In this article I will compare three current approaches toward Black liberation. One is the liberation theology of many Black Christian and Muslim churches. Another is the "nitty-gritty hermeneutics" espoused by philosopher-theologian Anthony Plan, which is open to religious interpretations but considers "misguided" any presumption that "the black church is the best, if not the only way, to harness the energy, strength, and commitment of African Americans." [5] A third is explicit, nontheistic Black humanism, a method also defended by Finn.

How DOES THEOLOGY FALL SHORT?

In Bad Faith and Anti-Black Racism, Lewis R. Gordon addresses the existential tension between humanism and theism.

To seek humanity isn't a problem..." But it can also be argued that since God is ... lost, and since God is a fundamental feature of human desire, to regain humanity, we must seek God .... Yet this route seems to be flawed, for to introduce God again requires putting to the side humanity as a project. [7]

As Anthony Pinn notes in Why Lord? Suffering and Evil in Black Theology, any attempt to yoke theology to the cause of liberation must confront the philosophical, theological, and existential problem of evil, "a natural question for members of an oppressed community." [8] Pinn asserts that the "problem of evil and 'theodicy' interchangeably connote attempts at resolving the contradiction between traditional Christian understandings of God as powerful, just, and good, and the presence of suffering." [11]

According to Pinn, there are four ways to resolve the problem of evil, three of which pose great difficulties for traditional theists. The first approach is to question God's omnipotence; if God is not all-powerful, he cannot be held responsible for human suffering. A second, more controversial approach questions God's omnibenevolence. God is released from responsibility when we recognize his moral imperfection, or even his depravity. A third approach questions God's existence altogether: if God does not exist, he cannot be responsible for anything. The fourth approach seeks somehow to explain away and essentially justify human suffering. Because the first three approaches theologically backfire--that is, they deny the qualities of existence, omnipotence, and omnibenevolence traditional believers consider essential to their notion of God--this fourth approach is heavily relied upon by theologians.

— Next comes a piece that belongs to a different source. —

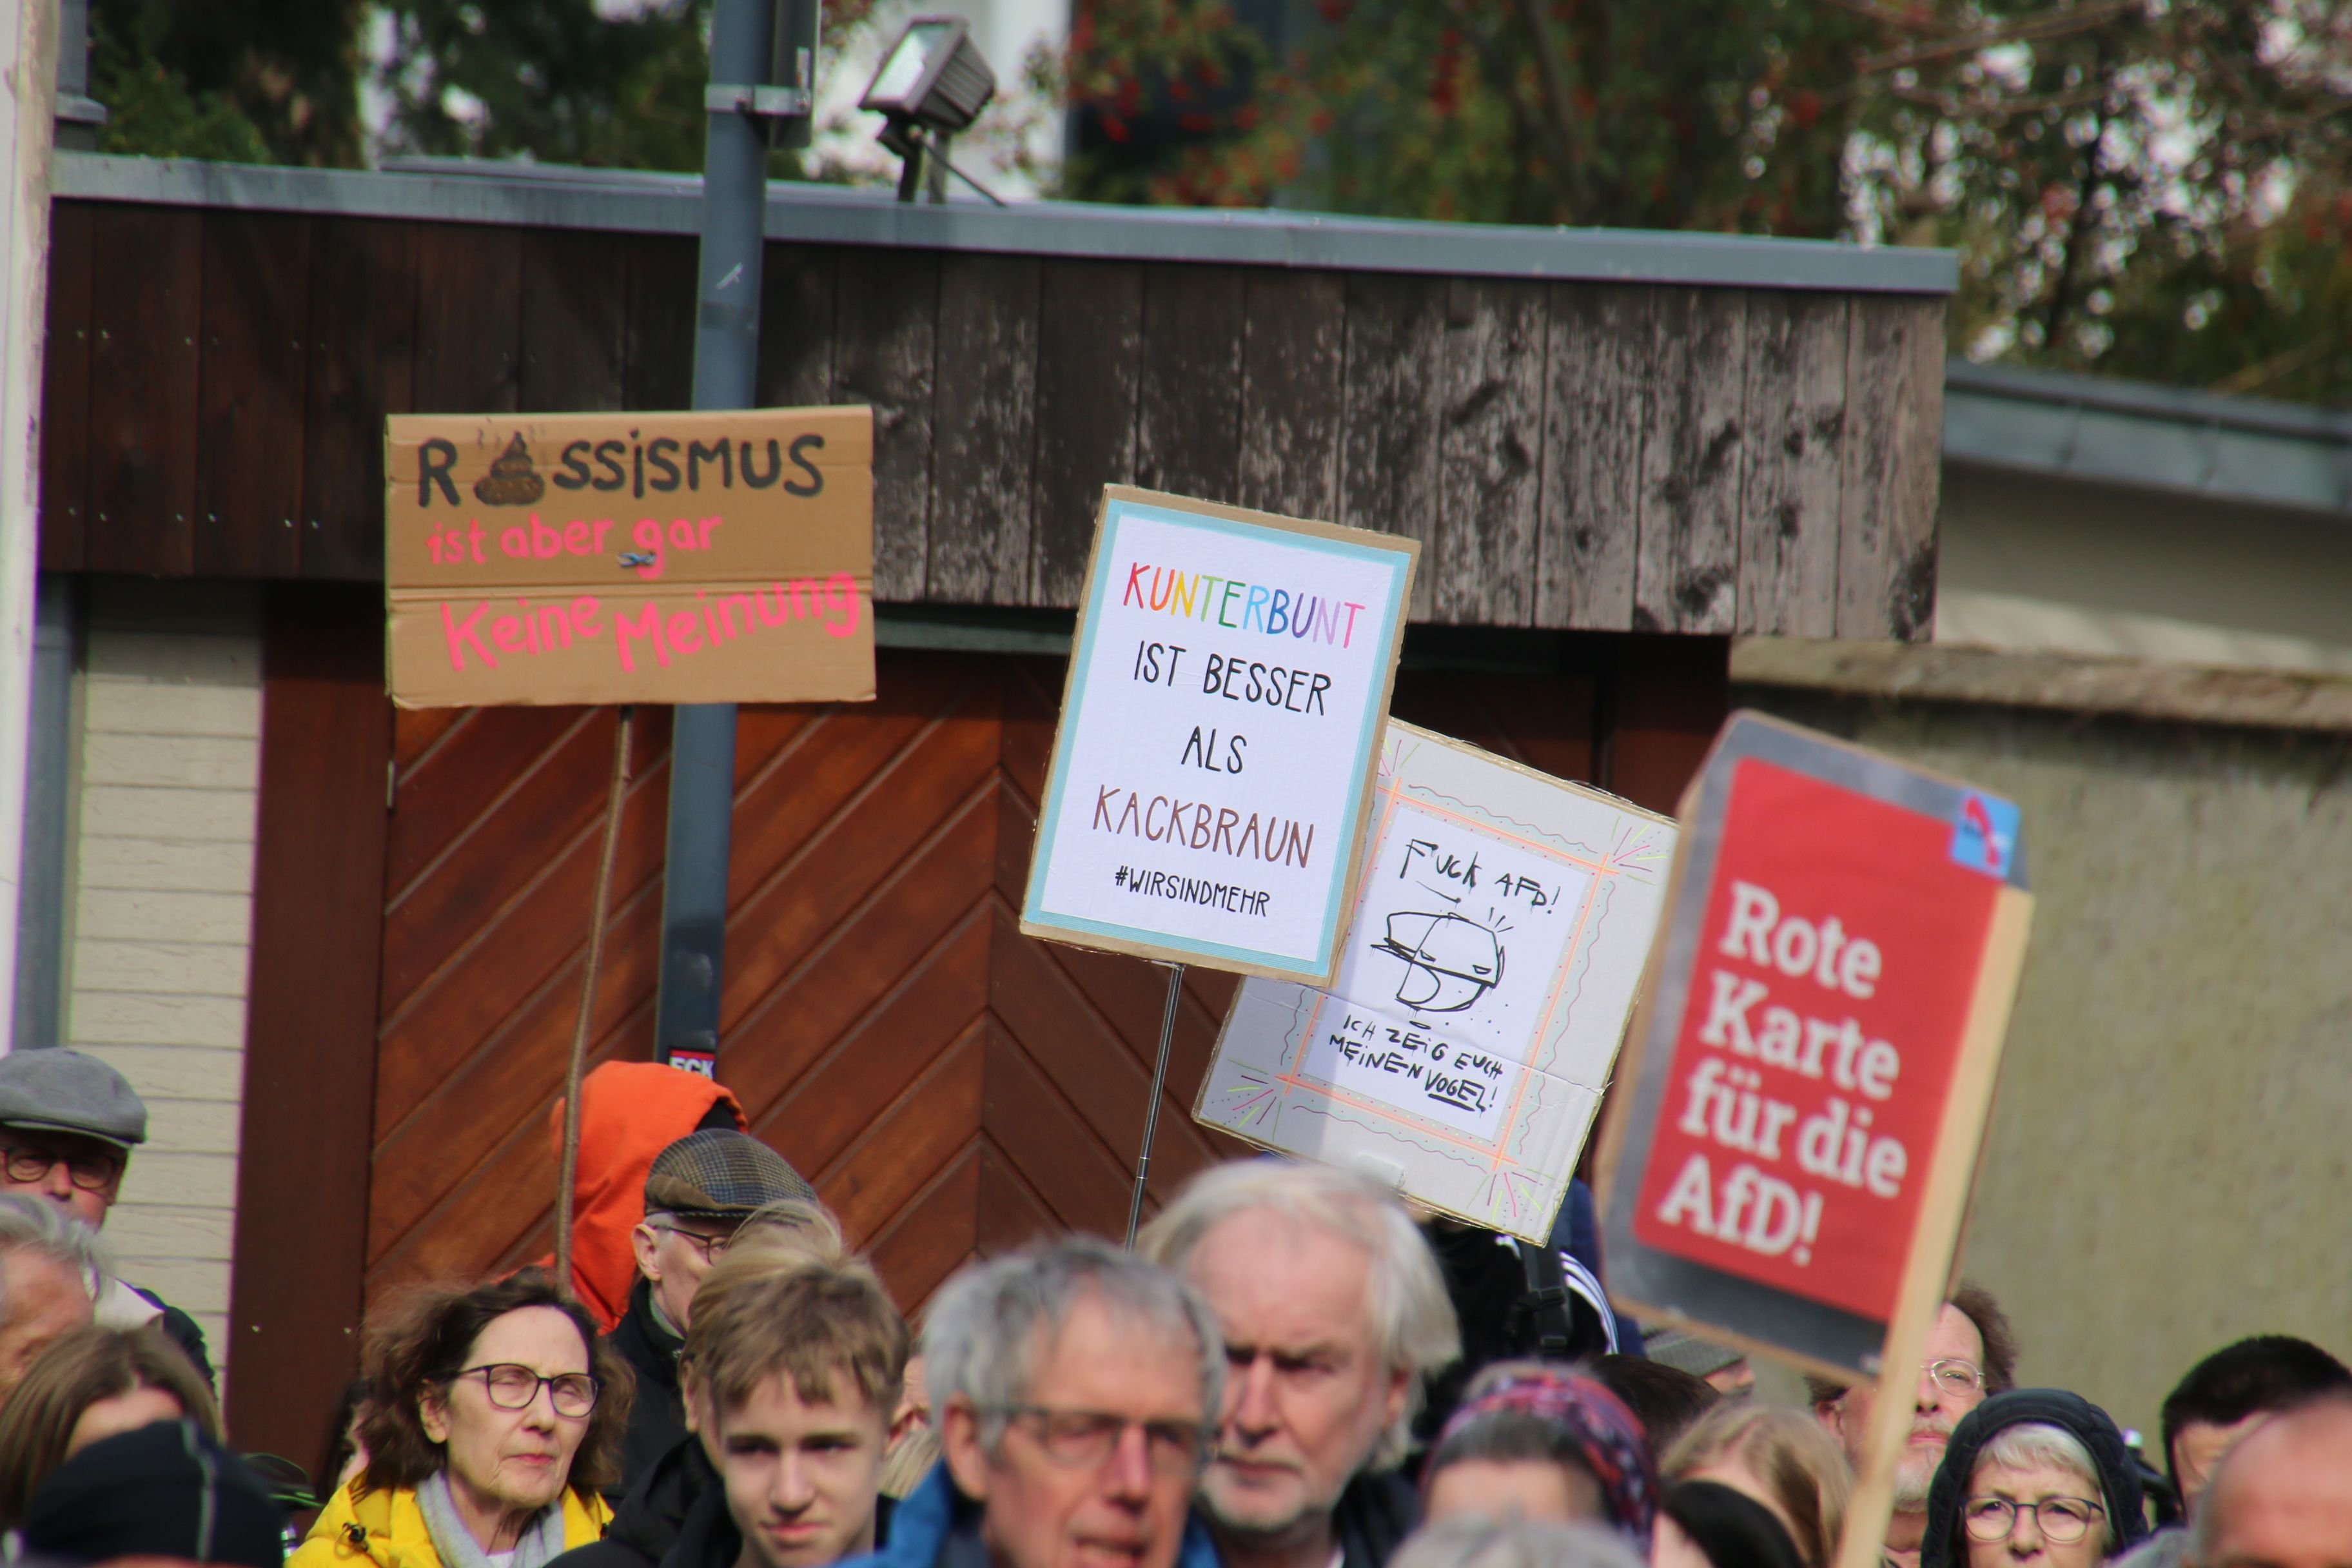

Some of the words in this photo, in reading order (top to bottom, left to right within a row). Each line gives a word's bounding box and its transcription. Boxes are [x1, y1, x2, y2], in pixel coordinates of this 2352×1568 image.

As Pinn recognizes, the problem of evil has always loomed large for African American philosophers and theologians. "Brought here as chattel in the early 1600s, African Americans have faced the brutalities of dehumanization through the destruction of their culture, the ripping apart of family units, rapes, beatings, and other actions that linked the control of black bodies with the increase of plantation profits. …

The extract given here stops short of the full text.